▶ YOUR ASSIGNMENT:
Could you print each entry below verbatim while omitting the pictures?

▶ RECORDS FOR THE EXERCISE:
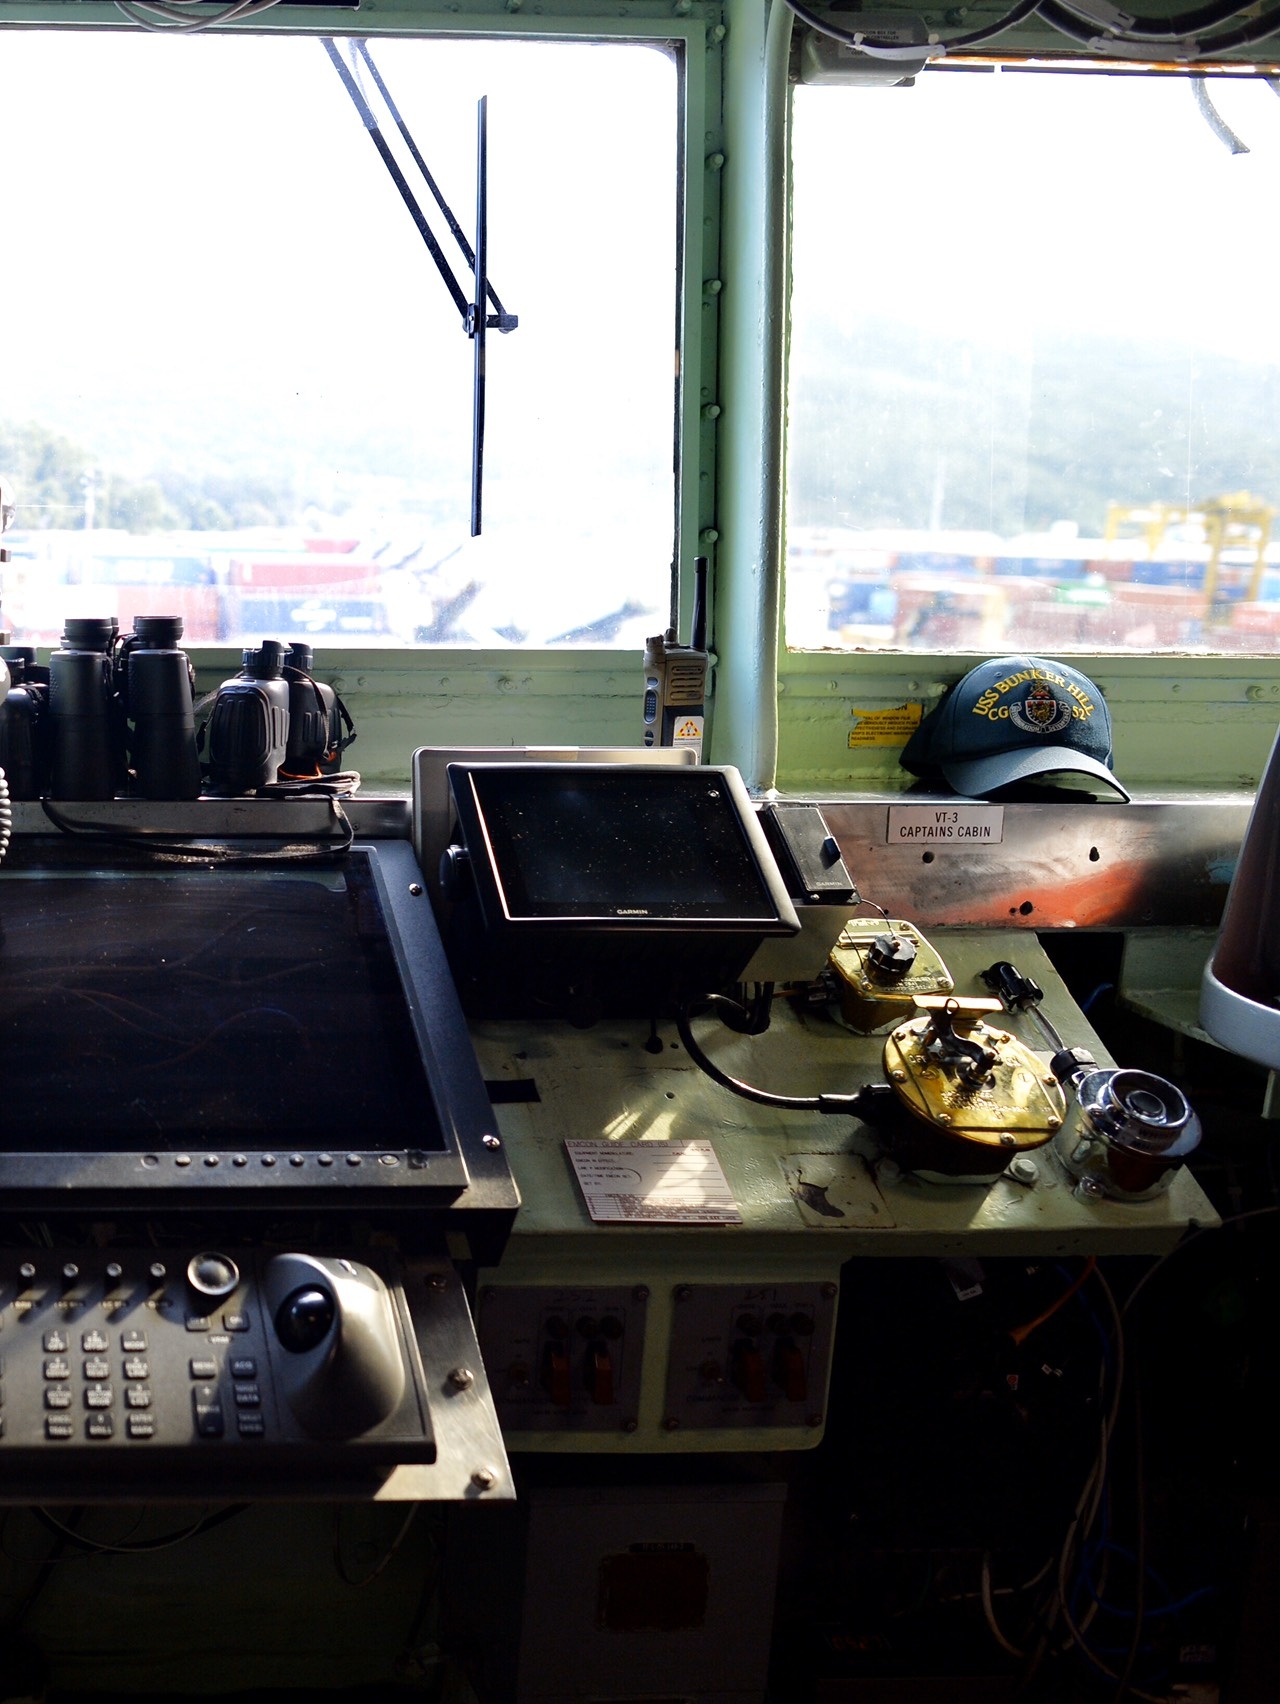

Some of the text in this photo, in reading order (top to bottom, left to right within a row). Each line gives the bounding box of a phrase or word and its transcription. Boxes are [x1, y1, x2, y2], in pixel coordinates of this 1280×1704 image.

[972, 669, 1095, 717] USS BUNKER HILL
[988, 705, 1087, 721] CG 52
[935, 812, 959, 824] VT-3
[900, 826, 991, 838] CAPTAINS CABIN

▶ WRITTEN ANSWER:
Some of the text in this photo, in reading order (top to bottom, left to right within a row). Each line gives the bounding box of a phrase or word and its transcription. Boxes are [x1, y1, x2, y2], in pixel coordinates of this 1280×1704 image.

[972, 669, 1095, 717] USS BUNKER HILL
[988, 705, 1087, 721] CG 52
[935, 812, 959, 824] VT-3
[900, 826, 991, 838] CAPTAINS CABIN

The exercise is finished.